The BEAM Angle: Shaping Your Story

The beam angle acts as a brush, focusing a limited amount of light where it is most needed; a wide beam washes a wide scene in light; a narrower beam highlights the subject, whose emotions and features are picked out in detail. Reflector dishes and barn doors can place and shape the light to heighten the drama, creating a feast for the eye.

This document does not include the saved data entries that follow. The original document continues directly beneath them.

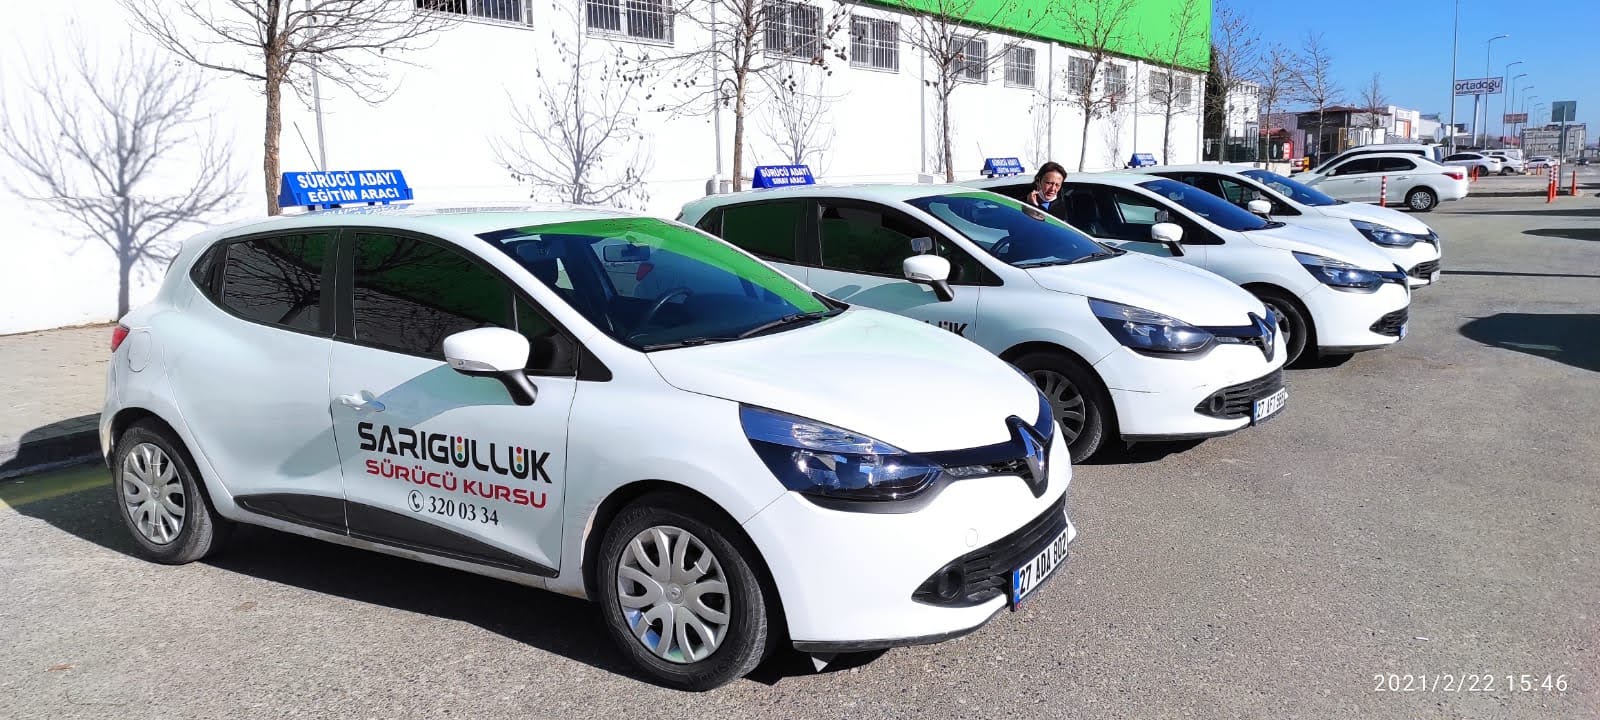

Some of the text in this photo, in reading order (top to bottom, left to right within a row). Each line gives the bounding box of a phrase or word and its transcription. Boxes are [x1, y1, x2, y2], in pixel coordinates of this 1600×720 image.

[297, 171, 398, 188] SÜRÜCÜ ADAYI
[307, 187, 400, 202] EĞİTİM ARACI
[1257, 401, 1265, 417] 27
[366, 458, 547, 509] SÜRÜCÜ KURSU
[428, 496, 499, 525] 320 03 34
[1020, 532, 1067, 595] 27 ADA 802

Beyond Brightness: The Art of Light Manipulation

It’s a world of lumens and lux, of shaped beam angles and scenery-illuminated sculpts. Playing with all the trimmings of light, not just the brightest torch, is the difference between being able, say, to recognise the face of friend or foe in the dark, and being able to separate friend from foe with light. Mastering all three – lumens, lux and the extremely efficient beam angles – opens up the full possibilities of photography and video.

Reflecting on Lumens and Lux

We encountered lumens and lux, beam angles, colour fidelity and colour temperatures; the basic vocabulary of illumination, allowing recorded scenes to be artfully sculpted with focus, feeling and dimension. Shedding the mystique of lighting reduces photography and video to techniques, which is where the fun begins, because once you know how light behaves you start to see everything differently. You start to understand the possibilities. You start to realise how everything can be made to glow.

Understanding BEAM in Photography and Video Lighting

The choice of word ‘beam’ comes up regularly when talking about photography and video lighting, especially in the context of beam angles or how that beam affects a scene. The beam angle can be particularly important, especially with respect to how light is projected from a source – whether it is spread soft and wide or focused at a point. Once an artist feels fully in control to shape and manipulate that beam, a light source can be more than just a luminary point in space, but a focal and versatile tool used to help curate the mood, atmosphere and visual impact of a scene. When we start to explore the different possibilities of light, controlling that beam is a core aspect of the craft.